### [Exercise objective]
Repeat the listing below exactly. Pictures do not belong in the copy.

### [Data in this exercise]
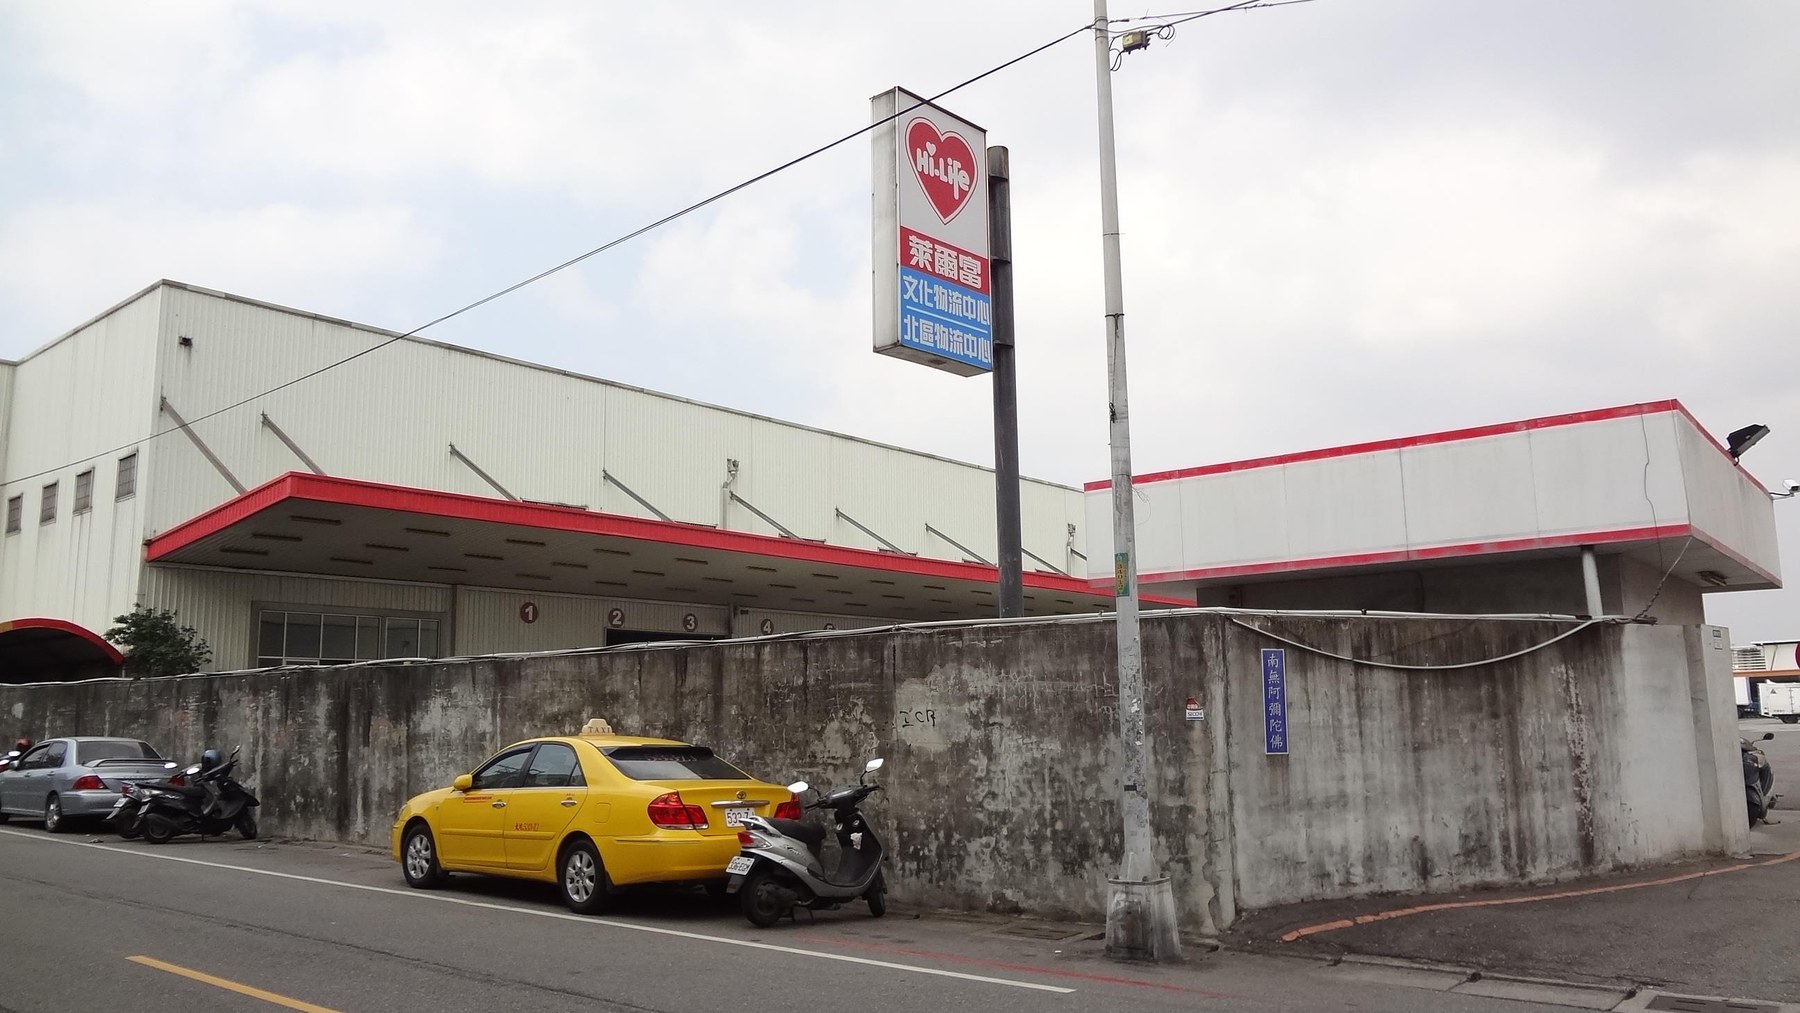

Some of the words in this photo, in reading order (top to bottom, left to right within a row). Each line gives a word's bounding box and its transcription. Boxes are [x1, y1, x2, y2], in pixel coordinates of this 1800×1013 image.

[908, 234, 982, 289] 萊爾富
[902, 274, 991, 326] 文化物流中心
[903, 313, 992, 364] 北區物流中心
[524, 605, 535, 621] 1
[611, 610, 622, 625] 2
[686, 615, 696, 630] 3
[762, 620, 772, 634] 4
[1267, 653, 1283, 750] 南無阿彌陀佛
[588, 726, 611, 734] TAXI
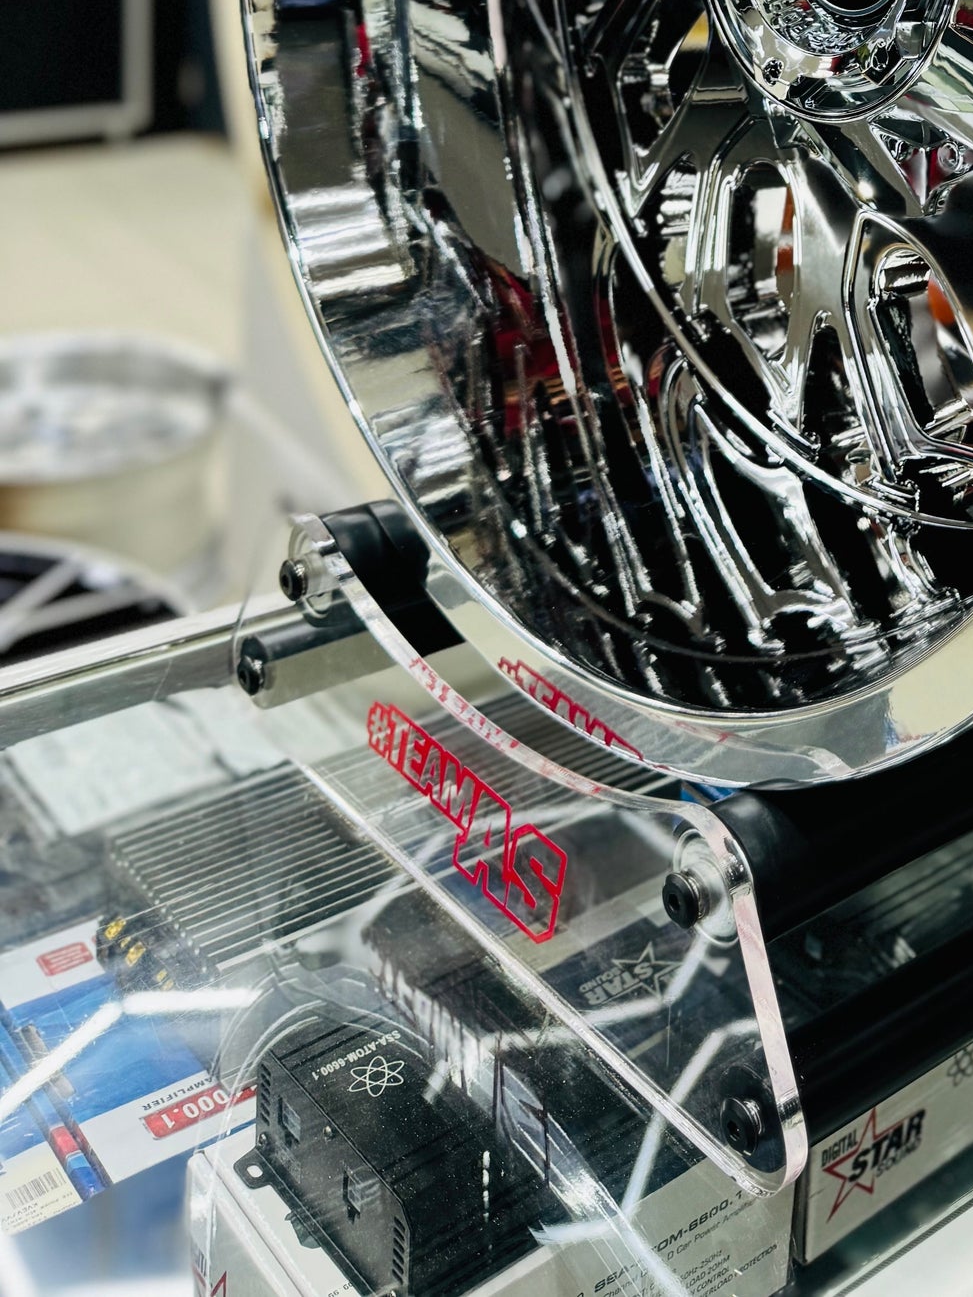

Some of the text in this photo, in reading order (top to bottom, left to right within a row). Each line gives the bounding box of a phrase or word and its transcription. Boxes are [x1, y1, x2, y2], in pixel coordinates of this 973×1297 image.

### [Response]
Some of the words in this photo, in reading order (top to bottom, left to right within a row). Each line gives a word's bounding box and its transcription. Boxes are [x1, y1, x2, y2], in pixel coordinates of this 1800×1013 image.

[908, 234, 982, 289] 萊爾富
[902, 274, 991, 326] 文化物流中心
[903, 313, 992, 364] 北區物流中心
[524, 605, 535, 621] 1
[611, 610, 622, 625] 2
[686, 615, 696, 630] 3
[762, 620, 772, 634] 4
[1267, 653, 1283, 750] 南無阿彌陀佛
[588, 726, 611, 734] TAXI

Some of the text in this photo, in reading order (top to bottom, left to right within a row). Each line gives the bounding box of a phrase or word and its transcription. Boxes are [x1, y1, x2, y2], in pixel coordinates of this 973×1297 image.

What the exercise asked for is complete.